The sin of Sodom is clearly explained in Ezekiel 16:49-50. It was not homosexual behaviour, but for its deep and general sinfulness, the men in the story may have intended sexual abuse of the divine visitors (the translation of the verb “know” here is not clear).

The issue is not that the objects may have been homosexual but that it was to be abuse. This was in character with the whole of their uncaring, greedy and Godless lives.

Leviticus 18:22; 20:13-14

These verses are found in the “Holiness Code” which emphasized to the Israelites that they were to be set apart to God.

The context is prohibition of practices found in the nearby fertility cult of Molech. “Abomination” is a translation of the Hebrew word which specifically means idolatrous practices (not necessarily sexual).

The condemnation here is a reference to the fertility worship which the Israelites were to shun.

The seriousness of this idolatry in Hebrew eyes was compounded by the belief that “to lie with a man as with a woman” violated the dignity of the male sex. Women were property but men were the direct image of God.

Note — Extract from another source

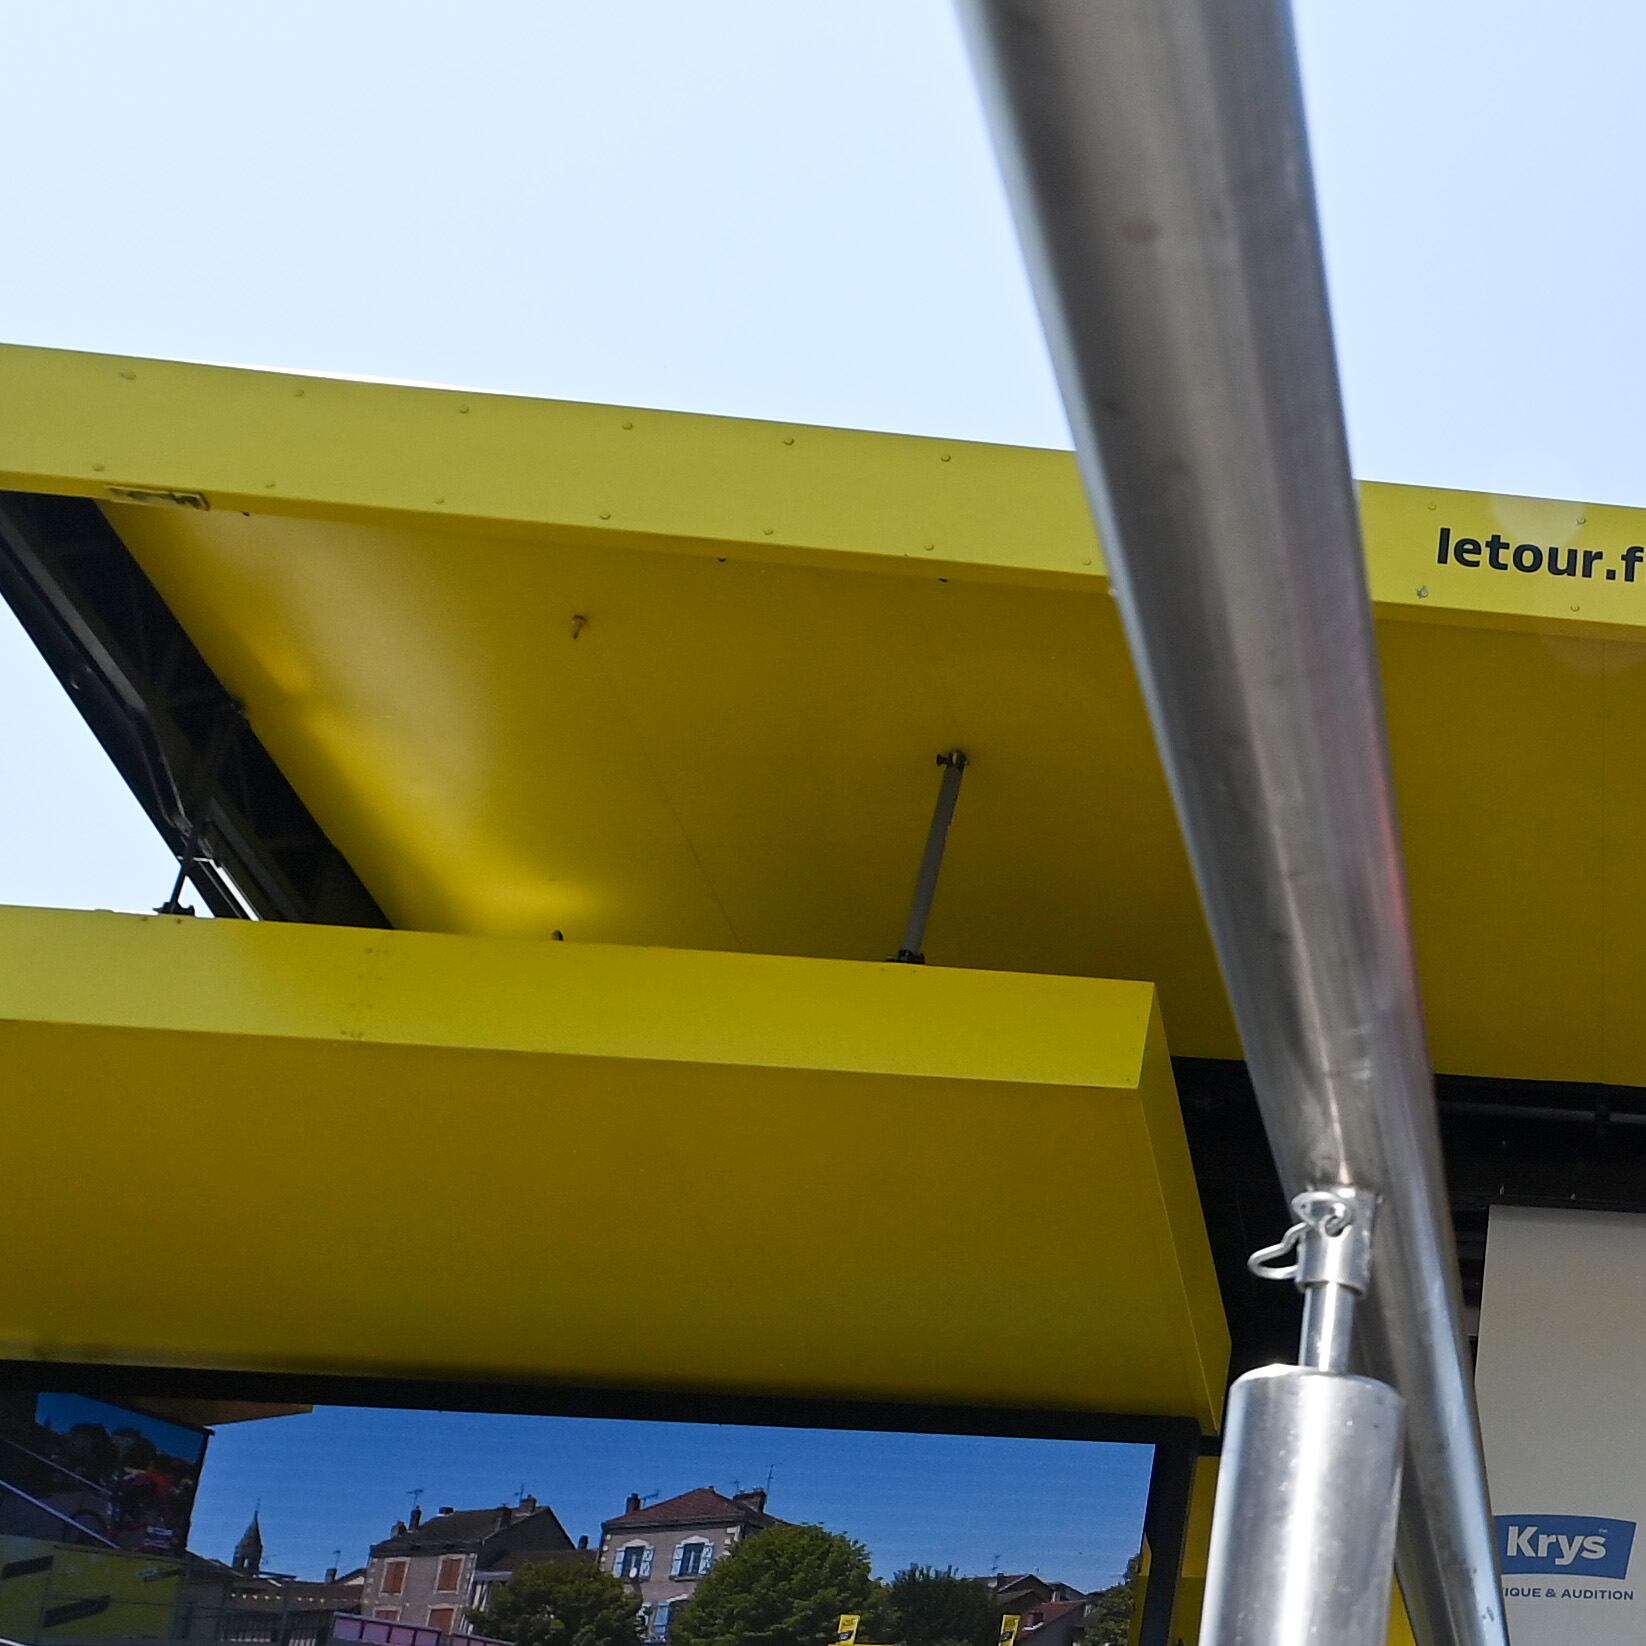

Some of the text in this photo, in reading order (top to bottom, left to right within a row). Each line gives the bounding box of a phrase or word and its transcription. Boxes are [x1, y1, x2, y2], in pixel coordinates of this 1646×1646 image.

[1506, 1525, 1607, 1566] Krys
[1502, 1587, 1542, 1599] IQUE
[1561, 1587, 1635, 1601] AUDITION

To treat a man the way a woman was treated was to reduce him to property and, thereby, to violate the image of God. The issue was idolatrous activity which failed to acknowledge God’s creation

1 Corinthians 6:9 and 1Timothy 1:10

At issue are two words: malakee (found only in 1Corinthians) and arsenokeeteh, which is in both verses. Tradition assumes a homosexual meaning of the words. Actual study reveals that in its use there, malakee means “morally weak” or, perhaps, “immoral persons”. (The translation “effeminate” in the King James Version was an archaic one and, in any case, did not imply homosexuality in Greek–as it does not today.)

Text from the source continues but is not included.